PoNS is a non-invasive (non-implantable) medical device that delivers neurostimulation through the tongue. The device is based on the concept that the tongue is connected to the brainstem — a control center for functions such as sensory perception and movement — by two major cranial nerves.
By sending gentle electrical stimulation through the cranial nerves connected to the tongue, the PoNS device enhances neuroplasticity of the brain — a process through which the brain is able to restructure or relearn in response to new experiences. Neuroplasticity allows the activation, or reactivation, of neurons and structures in the brain, which is key for brain processes of learning, training, and rehabilitation.

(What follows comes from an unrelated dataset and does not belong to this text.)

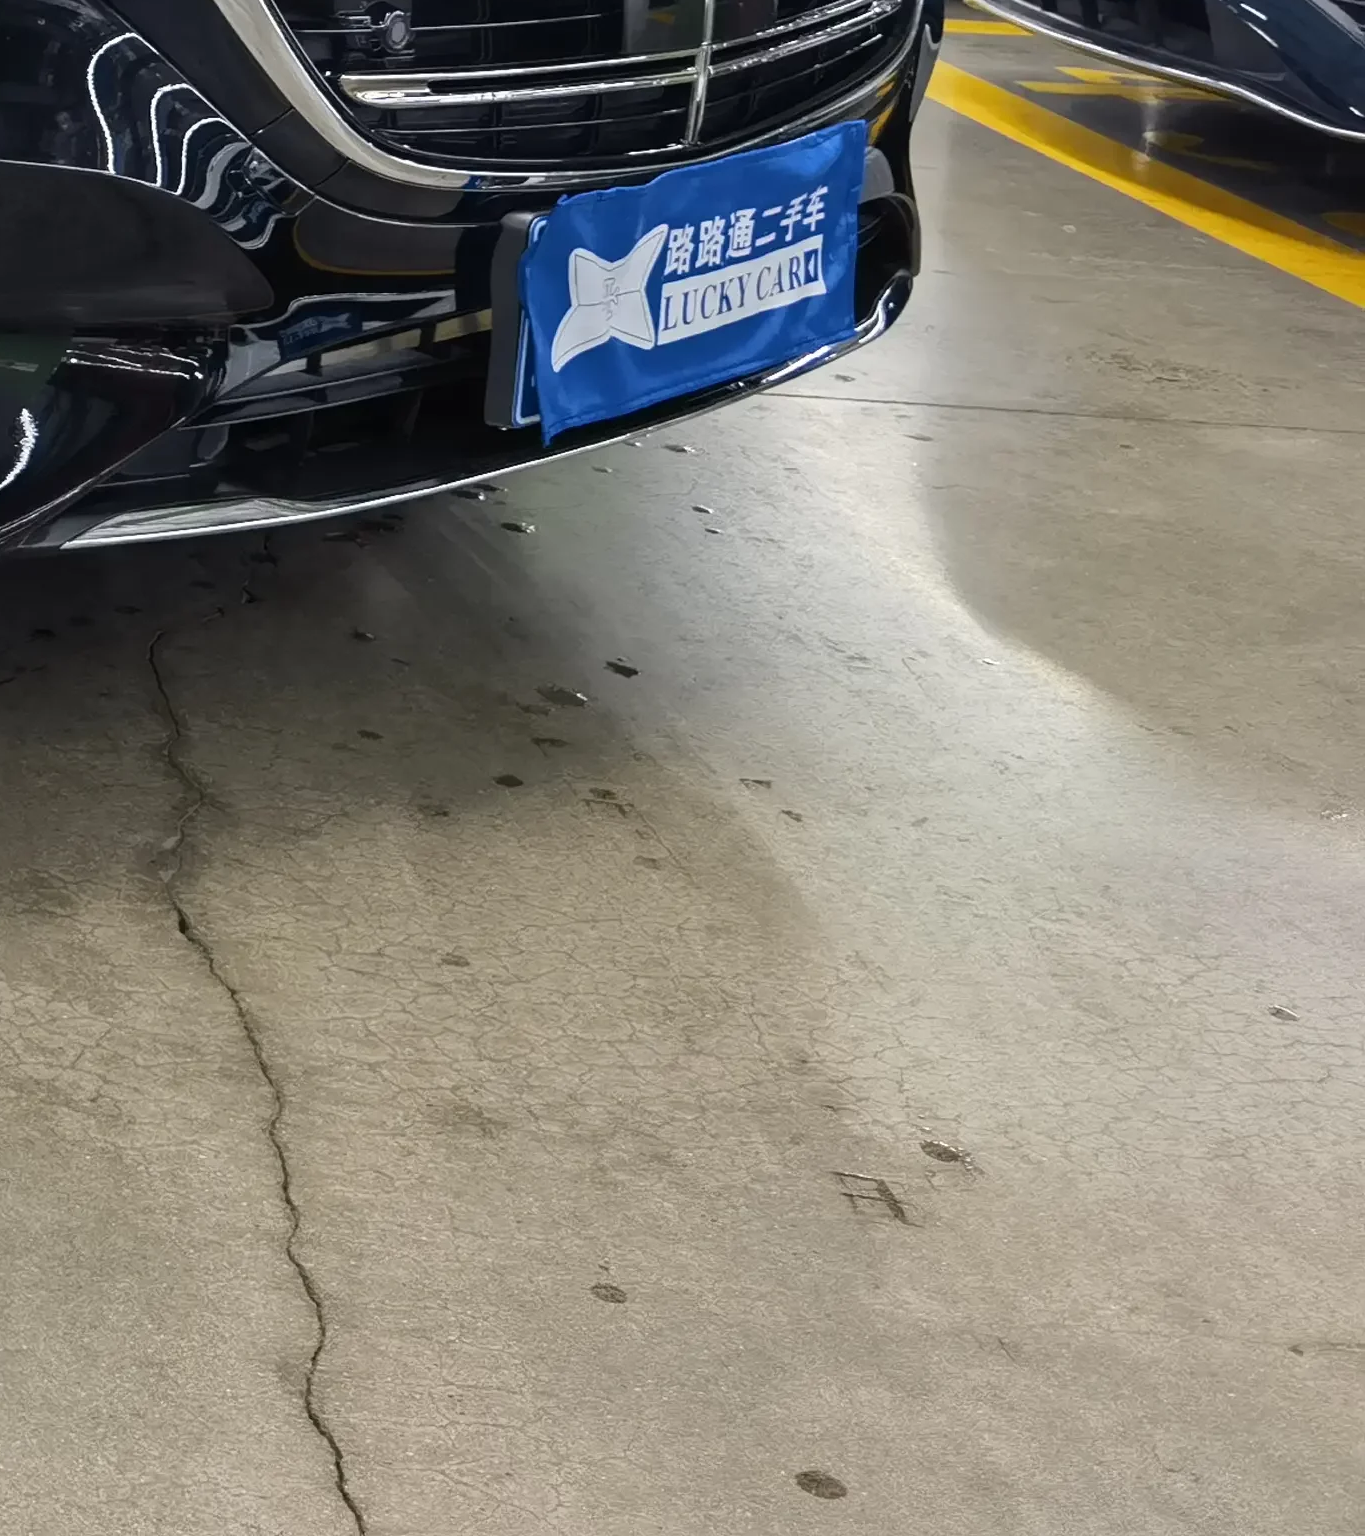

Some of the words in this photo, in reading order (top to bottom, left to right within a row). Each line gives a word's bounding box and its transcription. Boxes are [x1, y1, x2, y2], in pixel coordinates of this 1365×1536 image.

[663, 185, 829, 277] 路路通二手车
[661, 271, 753, 332] LUCKY
[756, 255, 803, 302] CAR

A previous study showed that the combined use of PoNS device with physical therapy improved the quality of life, and physical and cognitive abilities of patients with advanced MS. Another study reported improved balance and cognitive abilities in MS patients that used PoNS alongside physical and cognitive rehabilitation training.
“Given the chronic and progressive nature of this potentially debilitating neurodegenerative disease, we feel that there is a strong clinical need for novel therapies such as our PoNS Treatment,” Philippe Deschamps, CEO of Helius, said in a press release.
With Health Canada’s approval, the PoNS device will be available for short-term, 14-week treatments of gait deficit in patients with mild and moderate MS symptoms. Use of the device must be combined with physical therapy.
“We are proud to provide MS patients with a treatment option that has the potential to improve or restore their gait function, or in other words their ability to walk,” Deschamps said.
The PoNS device will be available in authorized treatment centers throughout Canada. A list of those authorized centers can be found at www.ponstreatment.ca.
“We are very pleased to receive regulatory clearance to market our PoNS Treatment to the approximately 93,500 patients in Canada who suffer from MS,” Deschamps said.
The PoNS device also was approved by Health Canada for short-term, 14-week treatment of chronic balance deficit due to mild-to-moderate traumatic brain injury. The device also should be used alongside physical therapy in these patients.
Currently, PoNS is an investigational medical device in the United States, the European Union, and Australia, and is not yet available commercially. In Australia, the device is under review for clearance by the Therapeutic Goods Administration.